• [WORK INSTRUCTION] Write every record out again exactly, and keep images out of it.

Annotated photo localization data

□ □ □ □ □

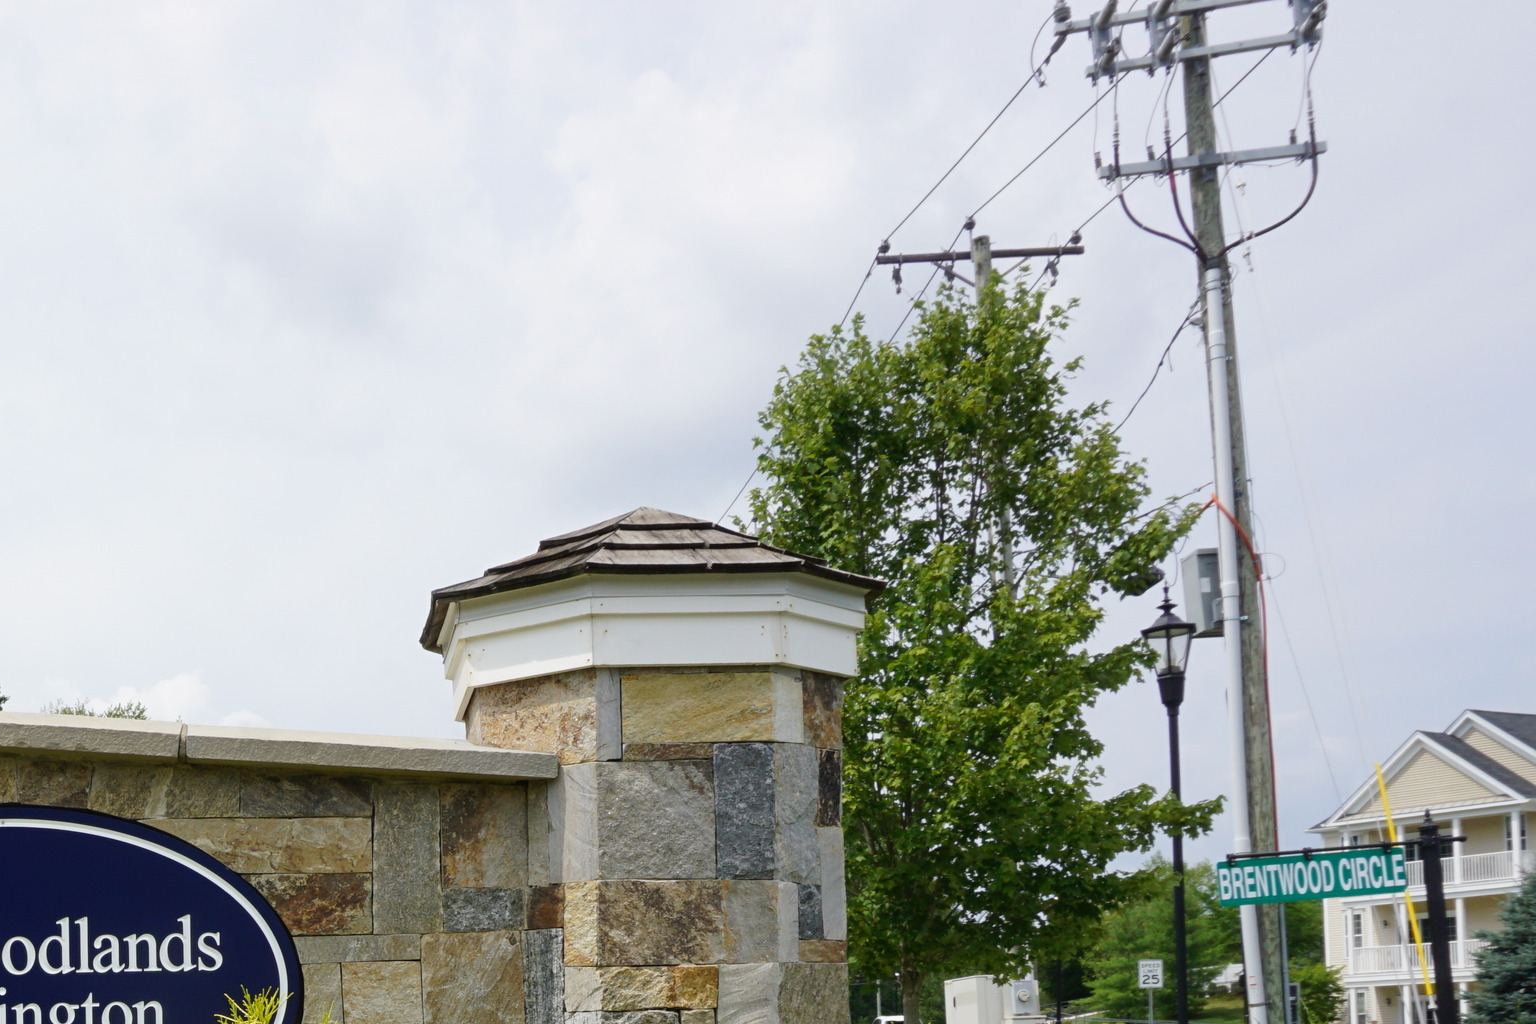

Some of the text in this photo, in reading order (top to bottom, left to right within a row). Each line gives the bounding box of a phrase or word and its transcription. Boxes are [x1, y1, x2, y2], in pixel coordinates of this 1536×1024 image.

[1218, 854, 1406, 900] BRENTWOOD CIRCLE
[1142, 974, 1160, 985] 25
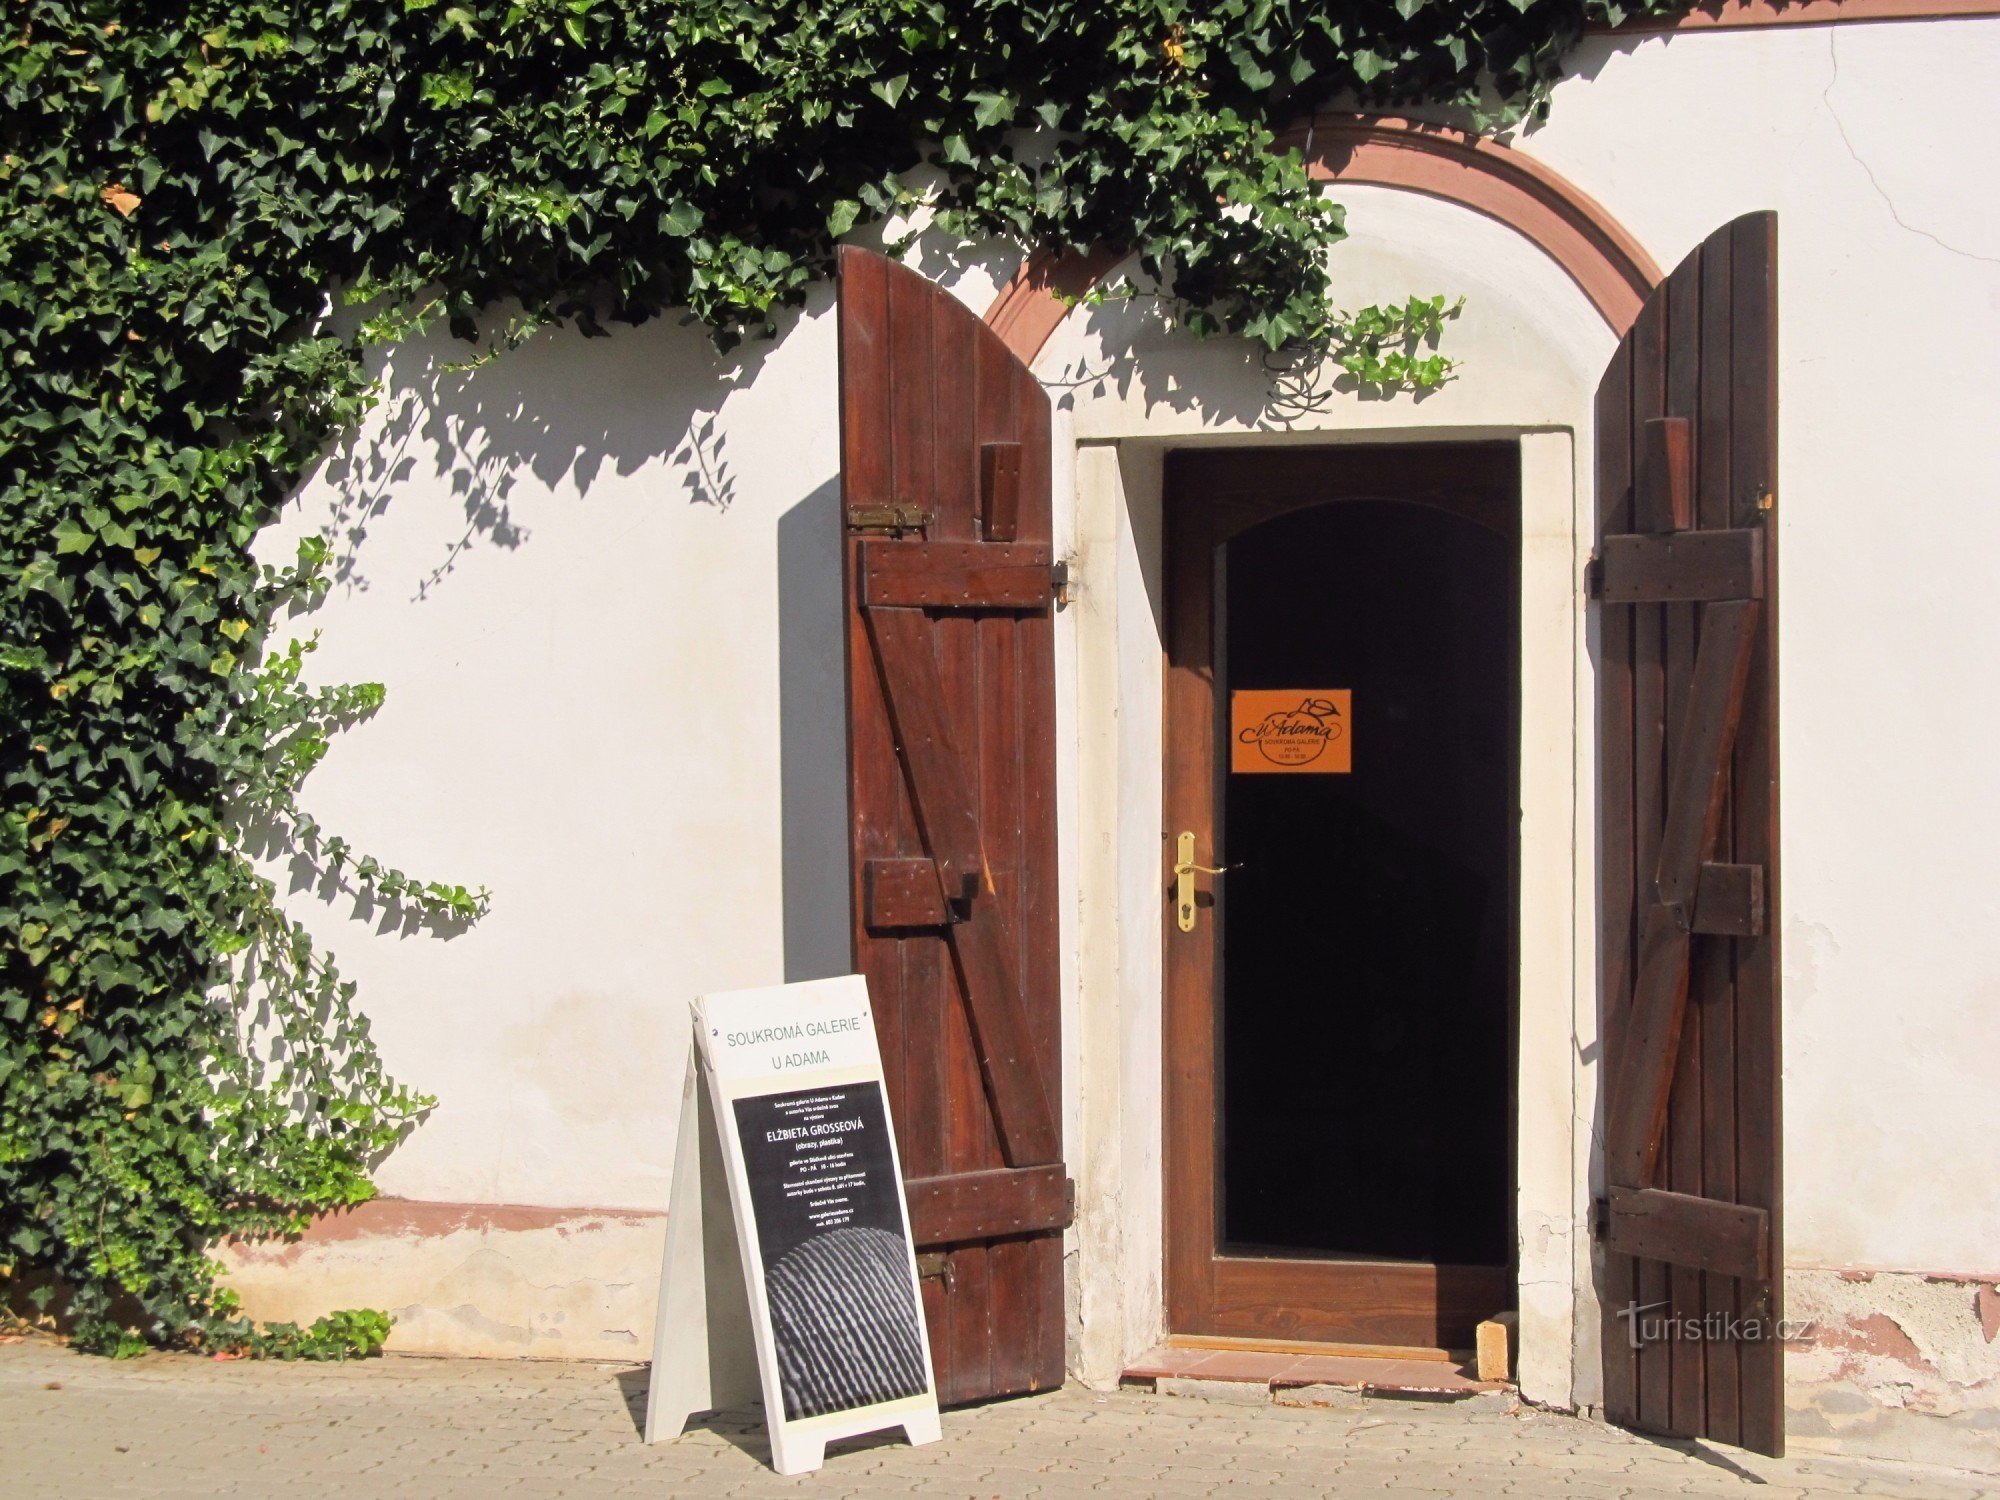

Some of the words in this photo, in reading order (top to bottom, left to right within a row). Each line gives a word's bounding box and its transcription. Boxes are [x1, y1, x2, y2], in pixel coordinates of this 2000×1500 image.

[727, 1022, 804, 1047] SOUKROMÁ
[805, 1017, 861, 1036] GALERIE
[771, 1056, 782, 1070] U
[785, 1050, 831, 1068] ADAMA
[810, 1115, 865, 1136] GROSSEOVÁ
[819, 1136, 843, 1149] plastika)

□ □ □ □ □

• [TASK SOLUTION]
Some of the text in this photo, in reading order (top to bottom, left to right within a row). Each line gives the bounding box of a phrase or word and its transcription. Boxes are [x1, y1, x2, y2], in pixel coordinates of this 1536×1024 image.

[1218, 854, 1406, 900] BRENTWOOD CIRCLE
[1142, 974, 1160, 985] 25

Some of the words in this photo, in reading order (top to bottom, left to right within a row). Each line gives a word's bounding box and its transcription. Boxes are [x1, y1, x2, y2], in pixel coordinates of this 2000×1500 image.

[727, 1022, 804, 1047] SOUKROMÁ
[805, 1017, 861, 1036] GALERIE
[771, 1056, 782, 1070] U
[785, 1050, 831, 1068] ADAMA
[810, 1115, 865, 1136] GROSSEOVÁ
[819, 1136, 843, 1149] plastika)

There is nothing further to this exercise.